O Modernismo não é propriamente um estilo ou uma estética no seu sentido literal; é, isto sim, o vocábulo que reúne as múltiplas tendências artísticas que eclodiram na Europa e no Brasil antes, durante e depois da I Guerra Mundial (1914-1918). Essas tendências artísticas buscavam novas concepções de arte, embora houvesse gritantes diferenças entre essas concepções, também existiam muitos pontos em comum entre elas. Por exemplo:

  • Questionavam as formas tradicionais de organização da obra de arte;

  • Anarquizavam, nos livros, revistas, manifestos, exposições e de atitudes pessoais e grupais, com um ímpeto demolidor, o que havia de padrão e de convenção nas artes e na sociedade;

  • Disseminavam uma verdadeira alergia contra academias, museus, artistas canastrões, soneto, rima, cartola, sobrecasaca, polaina, casamento, organização social e padrões de comportamento;

  • Propunham uma arte inconsciente, desordenada, ilógica, diferente de quase tudo o que tinha havido até então;

  • Para a maioria dos artistas, o novo e o diferente é que eram a arte.

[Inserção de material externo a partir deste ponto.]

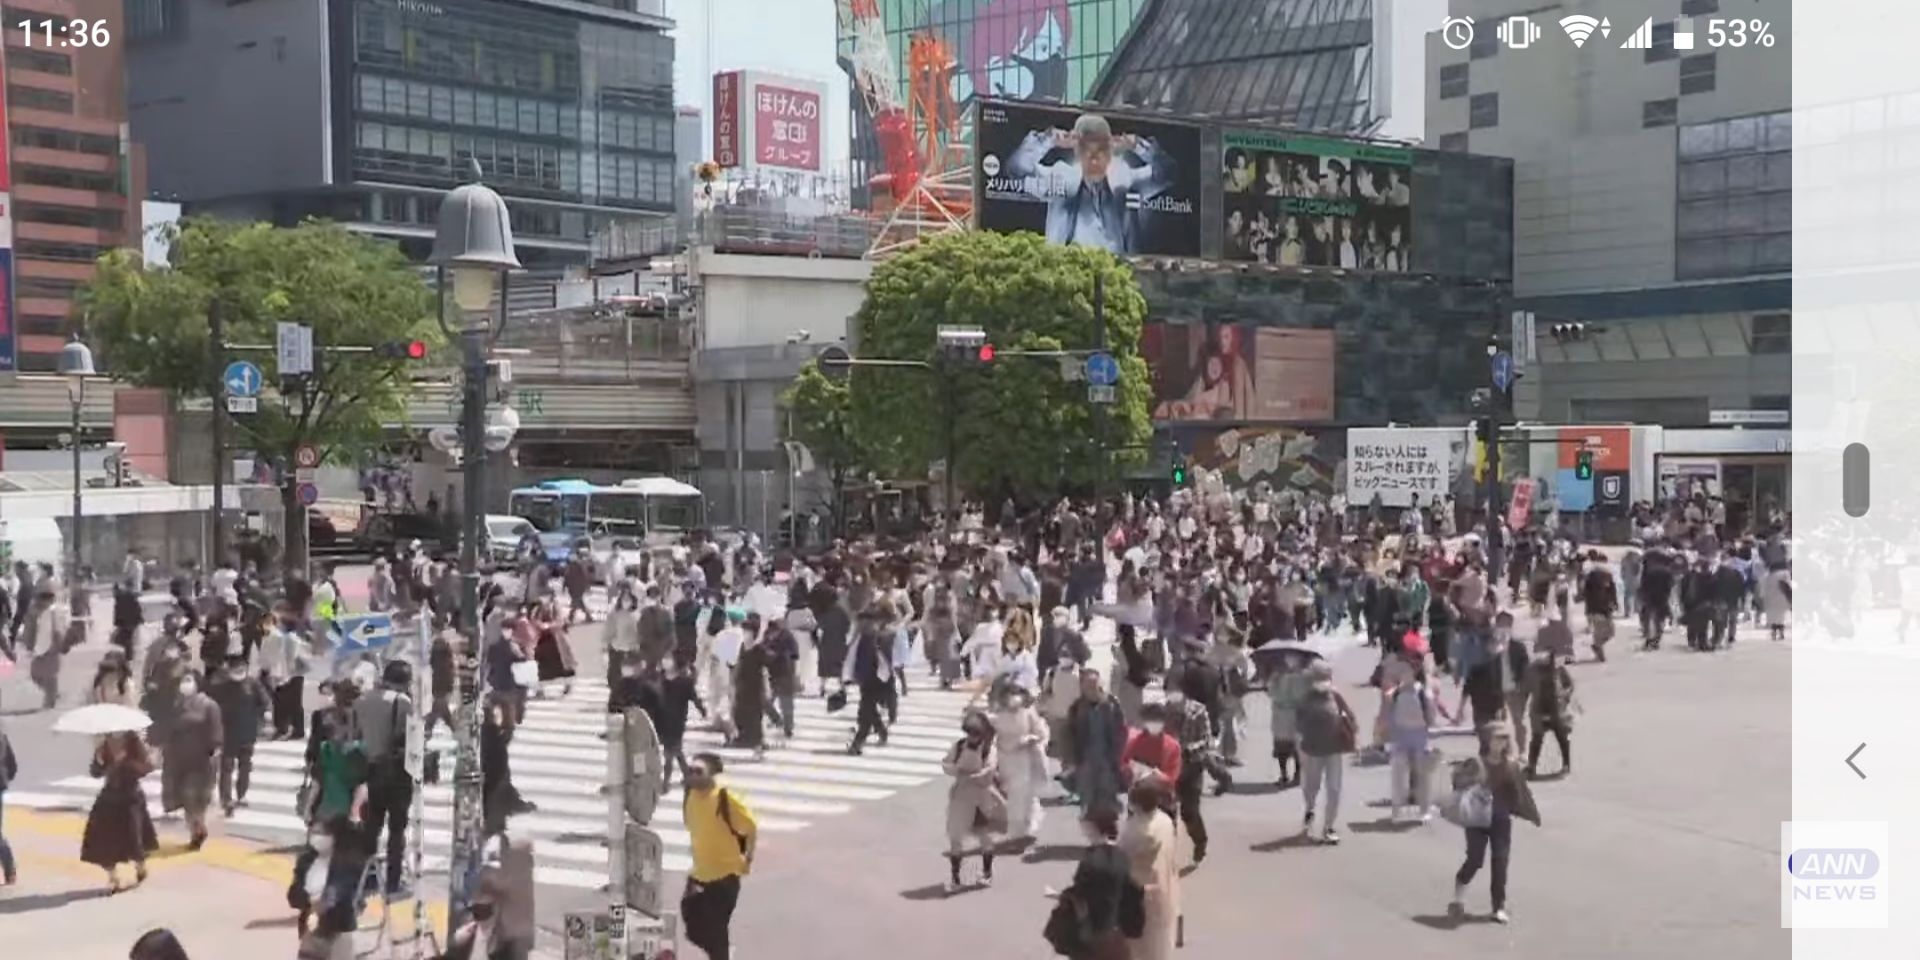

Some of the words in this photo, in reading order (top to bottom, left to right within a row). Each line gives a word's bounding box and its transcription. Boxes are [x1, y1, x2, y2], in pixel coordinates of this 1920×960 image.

Na Europa, Munique e Paris eram os centros onde se reuniam os artistas para provocar toda a mudança na arte vigente. E, continuando um hábito já secular, muitos artistas e intelectuais brasileiros viajavam para a Europa por conta própria ou gozando dos benefícios de bolsas de estudos patrocinadas pelo governo. Retornando ao Brasil, esses artistas e intelectuais começaram a divulgar as novas idéias que eles tinham aprendido com os europeus, entusiasmando outros no sentido de promover, por aqui, o mesmo trabalho de renovação nas artes. Assim, movidos por essas informações, intelectuais, escritores, pintores, escultores e músicos iniciam a procura e a divulgação das novidades artísticas na sociedade brasileira. Adotaram, então, uma atitude de deglutição e não de uma simples cópia de arte européia (o que era comum até o final do século XIX). Existia a importação de formas artísticas estrangeiras, é evidente, mas elas se diluíam, aqui, no tratamento que os novos artistas e intelectuais deram para descobrir o caminho brasileiro, valorizando os ricos aspectos do folclore, do primitivismo, da miscigenação de raças e da maneira de ser dos brasileiros. Buscaram criar o perfil da identidade nacional, sem “macaquear”, como se fossem meros robôs, as sugestões européias.

O que importava para os modernistas brasileiros era uma nova leitura da realidade brasileira, em busca de expressão nacional. As perguntas que se faziam eram simples: Quem somos nós? O que o Brasil tem de diferente?

Movidos, assim, pela busca de respostas para essas questões e imbuídos do espírito reformador trazido da Europa, os modernistas brasileiros, também irritados com a elite parnasiana que dominava as artes, decidiram fazer a Semana da Arte Moderna, no Teatro Municipal de São Paulo, em fevereiro de 1922.